■ Excerpted data:
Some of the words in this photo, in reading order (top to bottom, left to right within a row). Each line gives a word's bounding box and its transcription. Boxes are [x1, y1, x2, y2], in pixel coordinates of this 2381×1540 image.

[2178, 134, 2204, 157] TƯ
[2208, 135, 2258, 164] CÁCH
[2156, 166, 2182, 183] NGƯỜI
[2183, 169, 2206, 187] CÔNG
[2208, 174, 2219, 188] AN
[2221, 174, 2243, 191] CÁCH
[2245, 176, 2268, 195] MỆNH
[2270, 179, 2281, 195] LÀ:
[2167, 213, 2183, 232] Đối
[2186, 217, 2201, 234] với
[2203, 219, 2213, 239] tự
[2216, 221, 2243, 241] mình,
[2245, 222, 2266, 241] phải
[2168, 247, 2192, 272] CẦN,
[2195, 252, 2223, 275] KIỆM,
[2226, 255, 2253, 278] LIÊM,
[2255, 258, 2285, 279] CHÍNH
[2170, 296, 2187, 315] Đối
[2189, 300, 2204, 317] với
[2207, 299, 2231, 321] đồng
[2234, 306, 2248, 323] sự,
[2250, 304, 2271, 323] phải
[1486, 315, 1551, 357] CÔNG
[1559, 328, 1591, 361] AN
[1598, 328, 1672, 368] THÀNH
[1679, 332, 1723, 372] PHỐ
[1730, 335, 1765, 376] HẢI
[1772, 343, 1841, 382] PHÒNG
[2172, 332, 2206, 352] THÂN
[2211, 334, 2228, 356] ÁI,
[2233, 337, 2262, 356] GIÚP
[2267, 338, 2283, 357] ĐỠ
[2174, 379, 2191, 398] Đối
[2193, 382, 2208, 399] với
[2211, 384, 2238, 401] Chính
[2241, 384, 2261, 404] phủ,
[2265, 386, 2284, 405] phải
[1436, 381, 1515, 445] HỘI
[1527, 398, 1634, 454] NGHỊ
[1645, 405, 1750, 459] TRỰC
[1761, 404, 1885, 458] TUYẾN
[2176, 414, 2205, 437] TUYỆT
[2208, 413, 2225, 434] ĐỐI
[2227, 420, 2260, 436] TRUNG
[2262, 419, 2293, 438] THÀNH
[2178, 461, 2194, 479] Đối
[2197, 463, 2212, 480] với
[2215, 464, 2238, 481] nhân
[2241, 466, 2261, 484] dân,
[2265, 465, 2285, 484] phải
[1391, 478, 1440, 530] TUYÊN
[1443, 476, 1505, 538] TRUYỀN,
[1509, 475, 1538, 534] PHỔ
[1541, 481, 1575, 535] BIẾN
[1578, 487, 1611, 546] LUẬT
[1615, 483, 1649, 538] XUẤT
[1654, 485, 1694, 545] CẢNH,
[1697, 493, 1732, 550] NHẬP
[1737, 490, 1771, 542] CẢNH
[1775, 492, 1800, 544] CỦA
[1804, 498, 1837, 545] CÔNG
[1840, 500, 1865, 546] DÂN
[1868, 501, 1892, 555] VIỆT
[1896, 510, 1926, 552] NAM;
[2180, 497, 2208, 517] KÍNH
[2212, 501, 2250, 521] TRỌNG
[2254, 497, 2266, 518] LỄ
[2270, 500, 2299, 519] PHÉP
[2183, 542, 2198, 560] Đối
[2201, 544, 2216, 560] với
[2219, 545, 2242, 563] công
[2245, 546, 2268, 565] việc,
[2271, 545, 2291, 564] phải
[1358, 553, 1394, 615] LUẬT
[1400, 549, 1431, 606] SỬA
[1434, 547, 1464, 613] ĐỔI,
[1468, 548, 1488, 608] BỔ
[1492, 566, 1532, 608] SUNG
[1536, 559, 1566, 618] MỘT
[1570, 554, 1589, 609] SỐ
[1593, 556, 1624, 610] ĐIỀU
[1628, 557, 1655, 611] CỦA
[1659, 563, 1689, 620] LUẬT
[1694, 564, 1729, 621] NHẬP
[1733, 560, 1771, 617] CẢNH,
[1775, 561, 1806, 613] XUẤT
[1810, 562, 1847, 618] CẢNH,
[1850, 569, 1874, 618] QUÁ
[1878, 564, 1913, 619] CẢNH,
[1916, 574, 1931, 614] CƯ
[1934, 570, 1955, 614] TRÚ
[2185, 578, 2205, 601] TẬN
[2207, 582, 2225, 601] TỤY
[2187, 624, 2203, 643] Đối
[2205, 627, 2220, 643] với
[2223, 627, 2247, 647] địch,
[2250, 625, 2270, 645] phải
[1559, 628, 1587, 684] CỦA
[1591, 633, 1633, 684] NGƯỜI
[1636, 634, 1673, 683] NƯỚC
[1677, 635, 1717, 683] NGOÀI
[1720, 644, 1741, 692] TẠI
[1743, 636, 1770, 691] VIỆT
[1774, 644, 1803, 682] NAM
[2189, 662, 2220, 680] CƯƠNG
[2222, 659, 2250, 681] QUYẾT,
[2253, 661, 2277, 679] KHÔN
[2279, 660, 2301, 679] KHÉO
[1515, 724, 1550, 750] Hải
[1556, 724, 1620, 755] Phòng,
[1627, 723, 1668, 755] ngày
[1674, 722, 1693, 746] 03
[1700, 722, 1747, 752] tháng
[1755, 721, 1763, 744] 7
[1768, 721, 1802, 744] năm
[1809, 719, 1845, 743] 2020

■ Your goal: An exact copy of every entry above is required.

■ Answer area:
Some of the words in this photo, in reading order (top to bottom, left to right within a row). Each line gives a word's bounding box and its transcription. Boxes are [x1, y1, x2, y2], in pixel coordinates of this 2381×1540 image.

[2178, 134, 2204, 157] TƯ
[2208, 135, 2258, 164] CÁCH
[2156, 166, 2182, 183] NGƯỜI
[2183, 169, 2206, 187] CÔNG
[2208, 174, 2219, 188] AN
[2221, 174, 2243, 191] CÁCH
[2245, 176, 2268, 195] MỆNH
[2270, 179, 2281, 195] LÀ:
[2167, 213, 2183, 232] Đối
[2186, 217, 2201, 234] với
[2203, 219, 2213, 239] tự
[2216, 221, 2243, 241] mình,
[2245, 222, 2266, 241] phải
[2168, 247, 2192, 272] CẦN,
[2195, 252, 2223, 275] KIỆM,
[2226, 255, 2253, 278] LIÊM,
[2255, 258, 2285, 279] CHÍNH
[2170, 296, 2187, 315] Đối
[2189, 300, 2204, 317] với
[2207, 299, 2231, 321] đồng
[2234, 306, 2248, 323] sự,
[2250, 304, 2271, 323] phải
[1486, 315, 1551, 357] CÔNG
[1559, 328, 1591, 361] AN
[1598, 328, 1672, 368] THÀNH
[1679, 332, 1723, 372] PHỐ
[1730, 335, 1765, 376] HẢI
[1772, 343, 1841, 382] PHÒNG
[2172, 332, 2206, 352] THÂN
[2211, 334, 2228, 356] ÁI,
[2233, 337, 2262, 356] GIÚP
[2267, 338, 2283, 357] ĐỠ
[2174, 379, 2191, 398] Đối
[2193, 382, 2208, 399] với
[2211, 384, 2238, 401] Chính
[2241, 384, 2261, 404] phủ,
[2265, 386, 2284, 405] phải
[1436, 381, 1515, 445] HỘI
[1527, 398, 1634, 454] NGHỊ
[1645, 405, 1750, 459] TRỰC
[1761, 404, 1885, 458] TUYẾN
[2176, 414, 2205, 437] TUYỆT
[2208, 413, 2225, 434] ĐỐI
[2227, 420, 2260, 436] TRUNG
[2262, 419, 2293, 438] THÀNH
[2178, 461, 2194, 479] Đối
[2197, 463, 2212, 480] với
[2215, 464, 2238, 481] nhân
[2241, 466, 2261, 484] dân,
[2265, 465, 2285, 484] phải
[1391, 478, 1440, 530] TUYÊN
[1443, 476, 1505, 538] TRUYỀN,
[1509, 475, 1538, 534] PHỔ
[1541, 481, 1575, 535] BIẾN
[1578, 487, 1611, 546] LUẬT
[1615, 483, 1649, 538] XUẤT
[1654, 485, 1694, 545] CẢNH,
[1697, 493, 1732, 550] NHẬP
[1737, 490, 1771, 542] CẢNH
[1775, 492, 1800, 544] CỦA
[1804, 498, 1837, 545] CÔNG
[1840, 500, 1865, 546] DÂN
[1868, 501, 1892, 555] VIỆT
[1896, 510, 1926, 552] NAM;
[2180, 497, 2208, 517] KÍNH
[2212, 501, 2250, 521] TRỌNG
[2254, 497, 2266, 518] LỄ
[2270, 500, 2299, 519] PHÉP
[2183, 542, 2198, 560] Đối
[2201, 544, 2216, 560] với
[2219, 545, 2242, 563] công
[2245, 546, 2268, 565] việc,
[2271, 545, 2291, 564] phải
[1358, 553, 1394, 615] LUẬT
[1400, 549, 1431, 606] SỬA
[1434, 547, 1464, 613] ĐỔI,
[1468, 548, 1488, 608] BỔ
[1492, 566, 1532, 608] SUNG
[1536, 559, 1566, 618] MỘT
[1570, 554, 1589, 609] SỐ
[1593, 556, 1624, 610] ĐIỀU
[1628, 557, 1655, 611] CỦA
[1659, 563, 1689, 620] LUẬT
[1694, 564, 1729, 621] NHẬP
[1733, 560, 1771, 617] CẢNH,
[1775, 561, 1806, 613] XUẤT
[1810, 562, 1847, 618] CẢNH,
[1850, 569, 1874, 618] QUÁ
[1878, 564, 1913, 619] CẢNH,
[1916, 574, 1931, 614] CƯ
[1934, 570, 1955, 614] TRÚ
[2185, 578, 2205, 601] TẬN
[2207, 582, 2225, 601] TỤY
[2187, 624, 2203, 643] Đối
[2205, 627, 2220, 643] với
[2223, 627, 2247, 647] địch,
[2250, 625, 2270, 645] phải
[1559, 628, 1587, 684] CỦA
[1591, 633, 1633, 684] NGƯỜI
[1636, 634, 1673, 683] NƯỚC
[1677, 635, 1717, 683] NGOÀI
[1720, 644, 1741, 692] TẠI
[1743, 636, 1770, 691] VIỆT
[1774, 644, 1803, 682] NAM
[2189, 662, 2220, 680] CƯƠNG
[2222, 659, 2250, 681] QUYẾT,
[2253, 661, 2277, 679] KHÔN
[2279, 660, 2301, 679] KHÉO
[1515, 724, 1550, 750] Hải
[1556, 724, 1620, 755] Phòng,
[1627, 723, 1668, 755] ngày
[1674, 722, 1693, 746] 03
[1700, 722, 1747, 752] tháng
[1755, 721, 1763, 744] 7
[1768, 721, 1802, 744] năm
[1809, 719, 1845, 743] 2020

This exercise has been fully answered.